Il ne l’agréa pourtant qu’à condition qu’il ne travaillerait qu’à cette partie des mathématiques, qui concerne le cours des astres, les éclipses, et les vicissitudes des saisons, dont les règles sont certaines ; et il déclara à l’empereur que la science des Chinois était vaine et superstitieuse, lorsqu’ils prétendaient connaître par l’observation des astres, la différence des jours heureux ou malheureux, dont la nation est si fort entêtée.

La réforme du calendrier, et l’éclat que le père Adam donna au tribunal des mathématiques, lui affectionnèrent de plus en plus ce jeune prince : il allait souvent voir le Père dans sa maison, et en moins de deux ans il lui rendit jusqu’à vingt visites. Cette faveur était d’autant plus extraordinaire, que les empereurs chinois ne sortaient presque jamais de leur palais ; et qu’il n’y a point d’exemple, qu’ils se soient abaissés jusqu’à rendre visite à leurs sujets.

Un jour qu’on célébrait la fête de sa naissance, au lieu de recevoir sur son trône les hommages de toute sa cour, il passa le jour entier dans la maison du P. Adam. Une autrefois qu’il l’alla voir pendant l’hiver, il jugea qu’il n’était pas assez bien vêtu pour la saison ; et dépouillant sa propre veste, il lui en fit présent. Il ne l’appelait jamais que Ma fa, qui est un nom très honorable parmi les Tartares, et qui signifie ancien père.

Il ne se lassait point de faire son éloge. Il louait surtout son grand désintéressement. « Les mandarins, disait-il, ne m’aiment et ne me servent que par des vues intéressées : ils me demandent tous les jours des grâces nouvelles.
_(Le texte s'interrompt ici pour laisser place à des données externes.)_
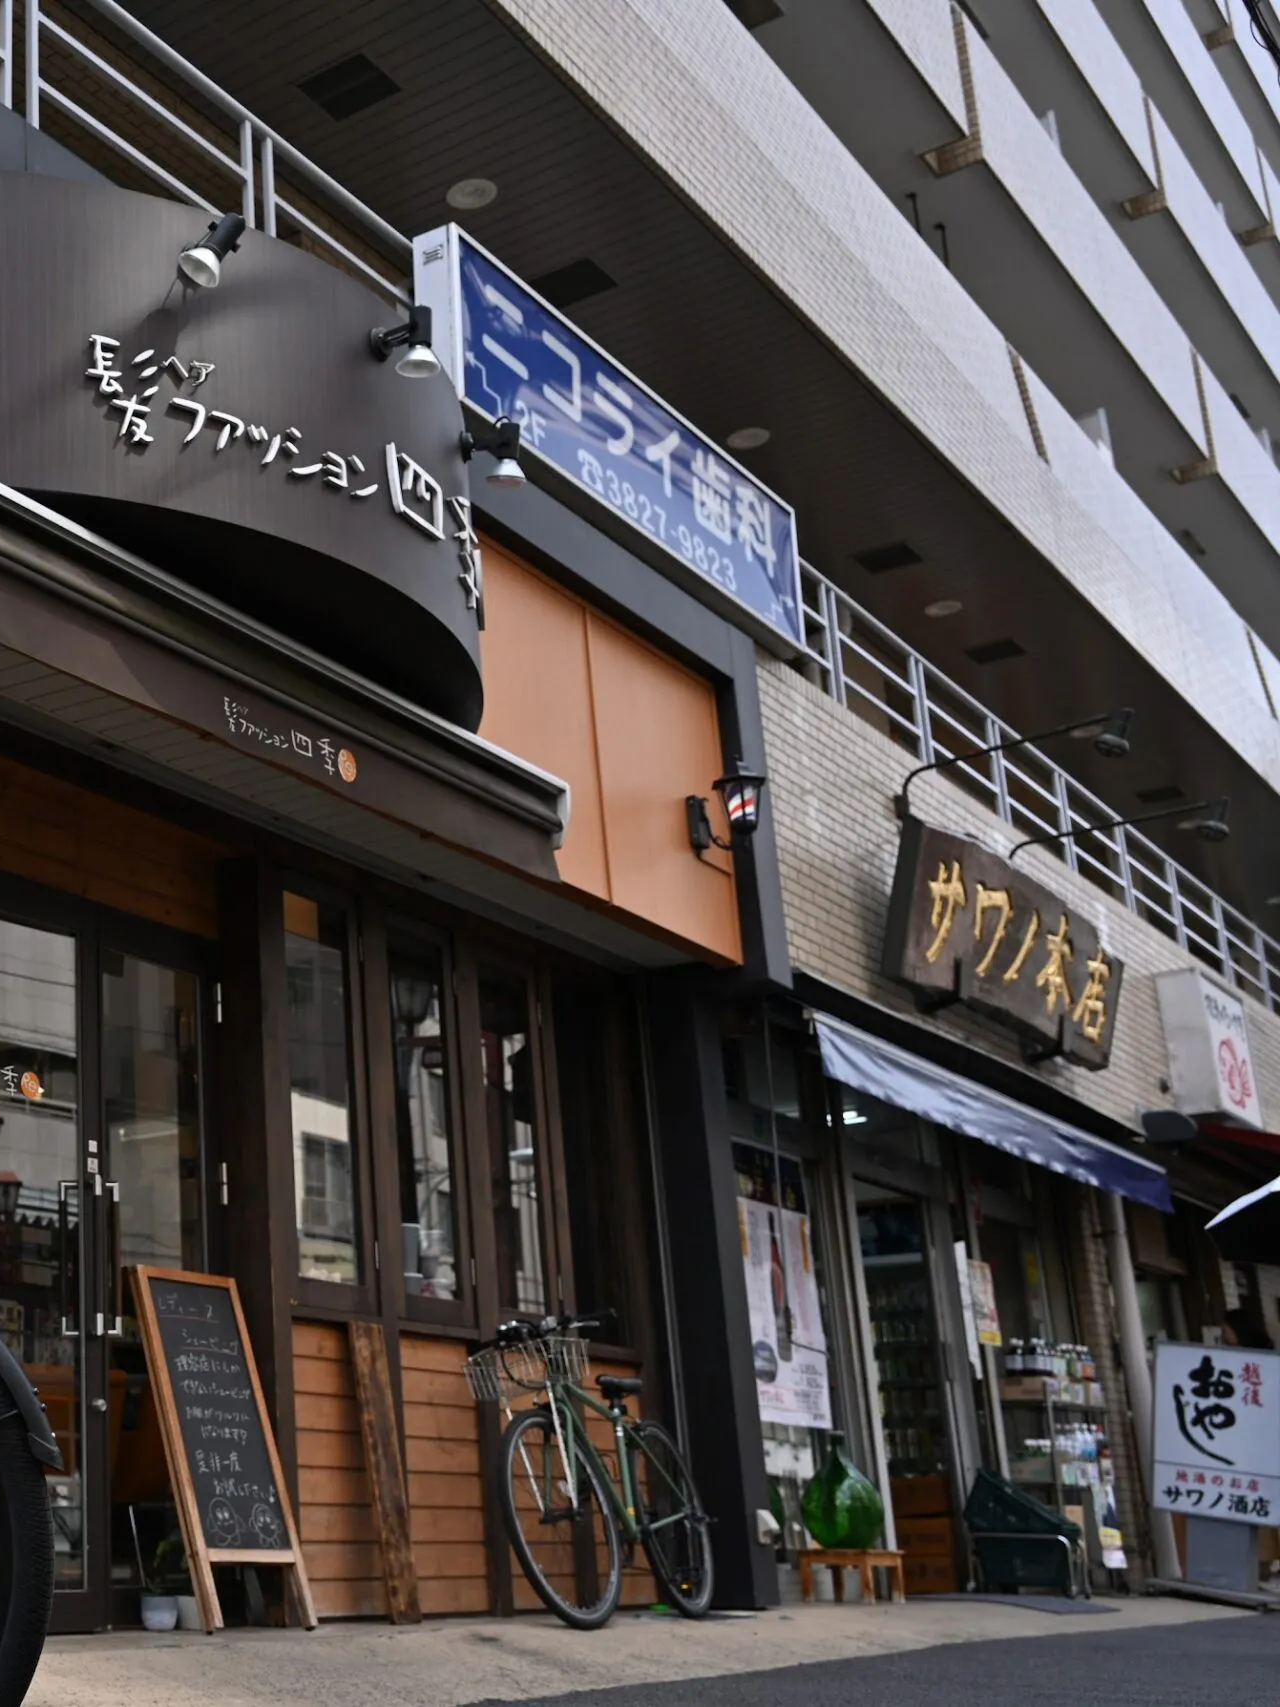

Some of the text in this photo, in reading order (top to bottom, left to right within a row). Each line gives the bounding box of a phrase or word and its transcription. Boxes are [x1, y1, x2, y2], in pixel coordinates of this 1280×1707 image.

Ma fa au contraire, qui sait que je l’aime, refuse continuellement celles que je le presse de recevoir. Il est trop content de mon amitié. »

Personne ne présente des requêtes à l’empereur, qu’elles ne passent par les mains du mandarin, qui préside au tribunal destiné à les examiner. Sa Majesté ne voulut point que le père Adam essuyât les formalités de ces tribunaux, peu favorables aux étrangers, et elle lui ordonna de s’adresser immédiatement à elle-même.

C’est en considération du même Père, que ce prince donna toujours aux prédicateurs de l’Évangile les plus grandes marques de son affection : il permit de bâtir deux églises à Peking, et de réparer toutes celles, qui, durant le temps des troubles, avaient été ruinées dans les provinces.

Le père Buglio et le père Magalhaens ayant été arrêtés dans la province de Se tchuen par les Tartares, et conduits dans les prisons de Peking, l’empereur les reçut avec bonté, comme les frères du Père Adam, et voulut même les loger dans l’enceinte de son palais. Mais les pères ayant refusé cet honneur, à cause des difficultés qu’ils auraient de remplir leur ministère, il leur acheta une maison dans la ville.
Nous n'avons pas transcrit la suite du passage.